Babul Phukan

Personal information
- Full name: Babul Phukan
- Date of birth: 1 May 1968
- Place of birth: Chakalibhoria, Tinsukia, Assam, India
- Date of death: 14 December 2013 (aged 45)
- Place of death: Guwahati, Assam, India
- Position: Right-back

Senior career*
- Years: Team / Apps / (Gls)
- 1985–1988: Maharana Athletic Club / ? / (?)
- 1989: Mohammedan / ? / (?)
- 1990–?: Gauhati Town Club
- 1994–1998: Maharana Athletic Club

International career
- 1985: India U23
- 1985–?: India

= Babul Phukan =

Indian footballer (1968–2013)

Babul Phukan (1 May 1968 – 14 December 2013) was an Indian footballer from Assam.

==Playing career==

===Early career===
Born at Chakalibhoria village near Panitola in Tinsukia district of Assam, Phukan came from a football family. His elder brothers Reboti Phukan, Sada Phukan and Rudra Phukan all played football at the state level. In 1982, he started his junior career by representing Assam State Sub Junior team. In that year Assam was the runners-up in the National Sub Junior Football tournament. After his good performances, he was selected for the Assam Junior team in 1984. He represented Assam football team nine times in the Santosh Trophy. He was the captain of Assam state team in 1989 and 1990.

===Club career===
Phukan played for Maharana Athletic Club, one of the oldest club in North-East from 1985 to 1988. In 1989, he played for Mohammedan Sporting Club in Calcutta for one season. In 1990, he joined the Gauhati Town Club. In 1994, Phukan back to his old club Maharana Athletic Club and played there from 1994 to 1998.

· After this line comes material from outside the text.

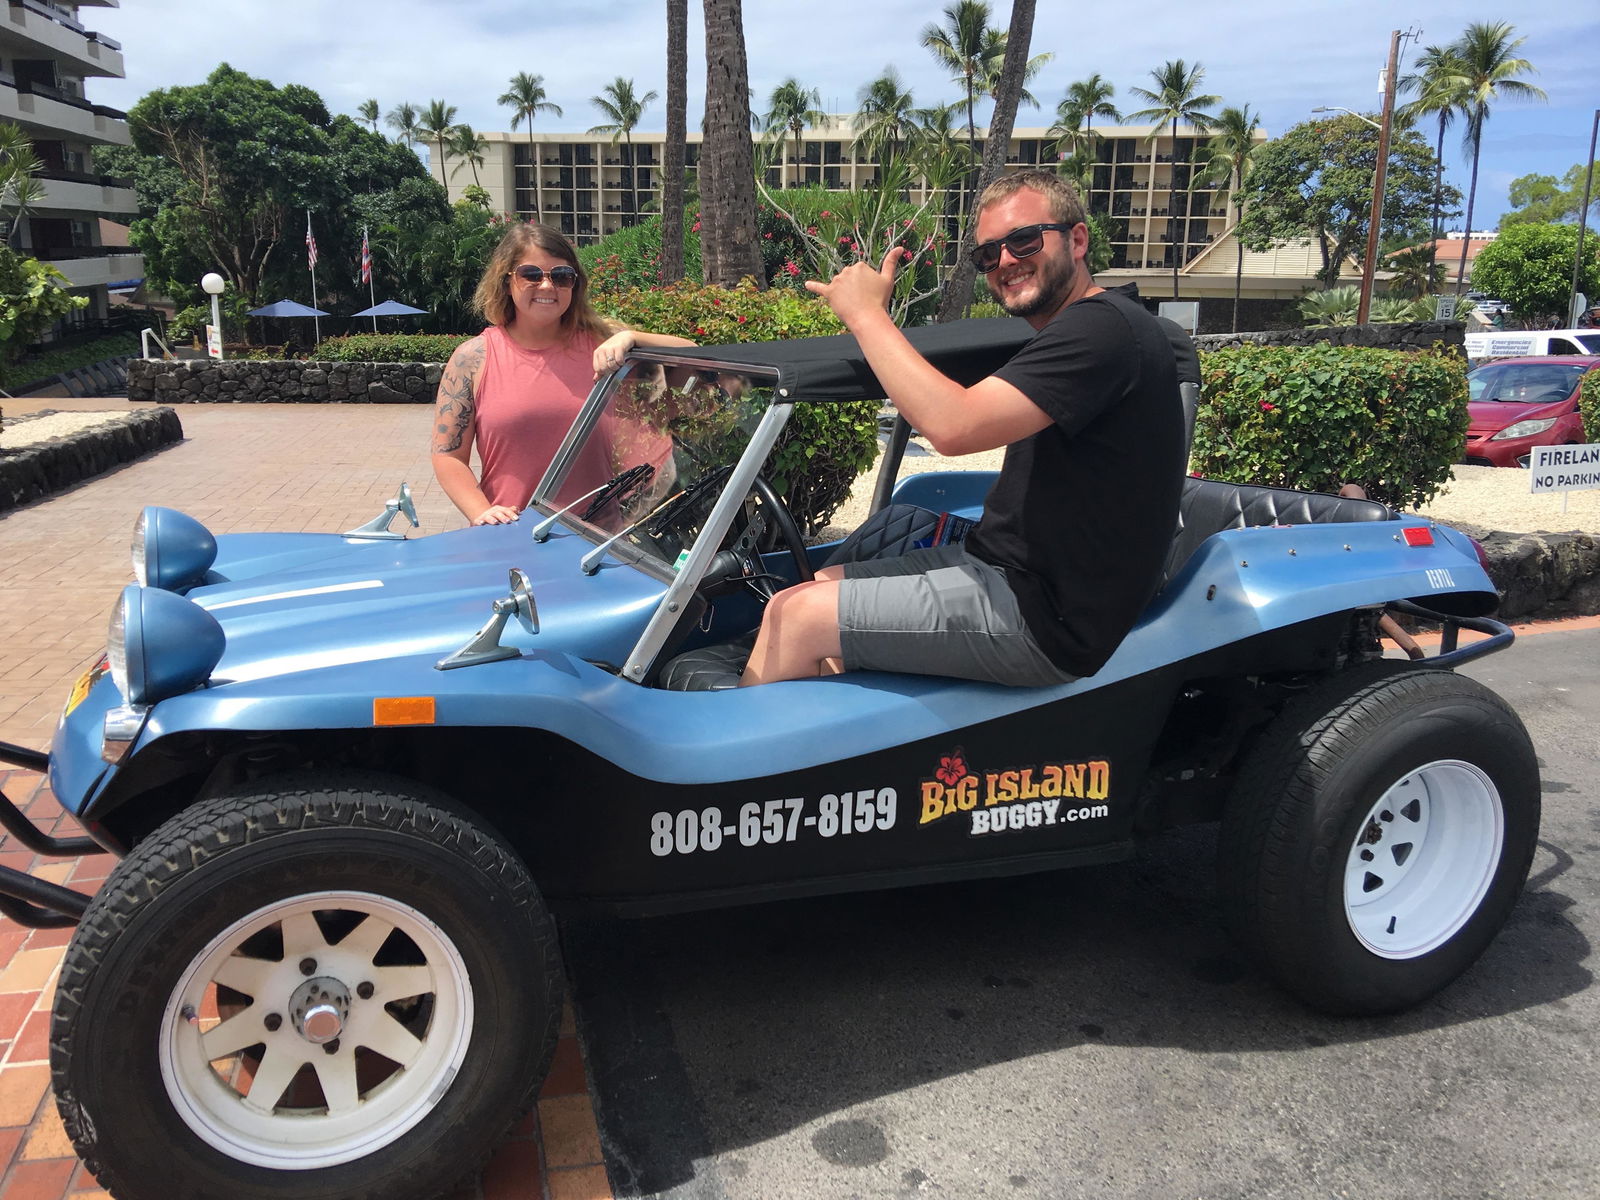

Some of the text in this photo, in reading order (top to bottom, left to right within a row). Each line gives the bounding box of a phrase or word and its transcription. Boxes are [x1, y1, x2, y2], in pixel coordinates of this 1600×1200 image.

[1441, 308, 1451, 317] 15
[1540, 449, 1600, 467] FIRELAN
[1536, 472, 1600, 488] NO PARKIN
[650, 787, 897, 857] 808-657-8159

===International career===
In 1985, he represented the India U23 team against Italy in Delhi and Lucknow. In the same year he was selected in senior India national football team and made his International debut for India national football team in Nepal. In 1985–86, he was again picked for the Indian junior team for the matches which played in Pakistan and Riyadh. In 1988, he played for the SAI team against a Russian team in Guwahati and Shillong. He put up brilliant performances in those matches.

In 2000, he retired from professional football.

==Death==
Phukan who was also an SBI Officer died on 14 December 2013 in a private hospital in Guwahati. He had long been suffering from a liver-related disease. Former CM of Assam Tarun Gogoi quoted him as, "Phukan with his stylish footwork techniques and sportsmanship would remain an example for the new generation of footballers".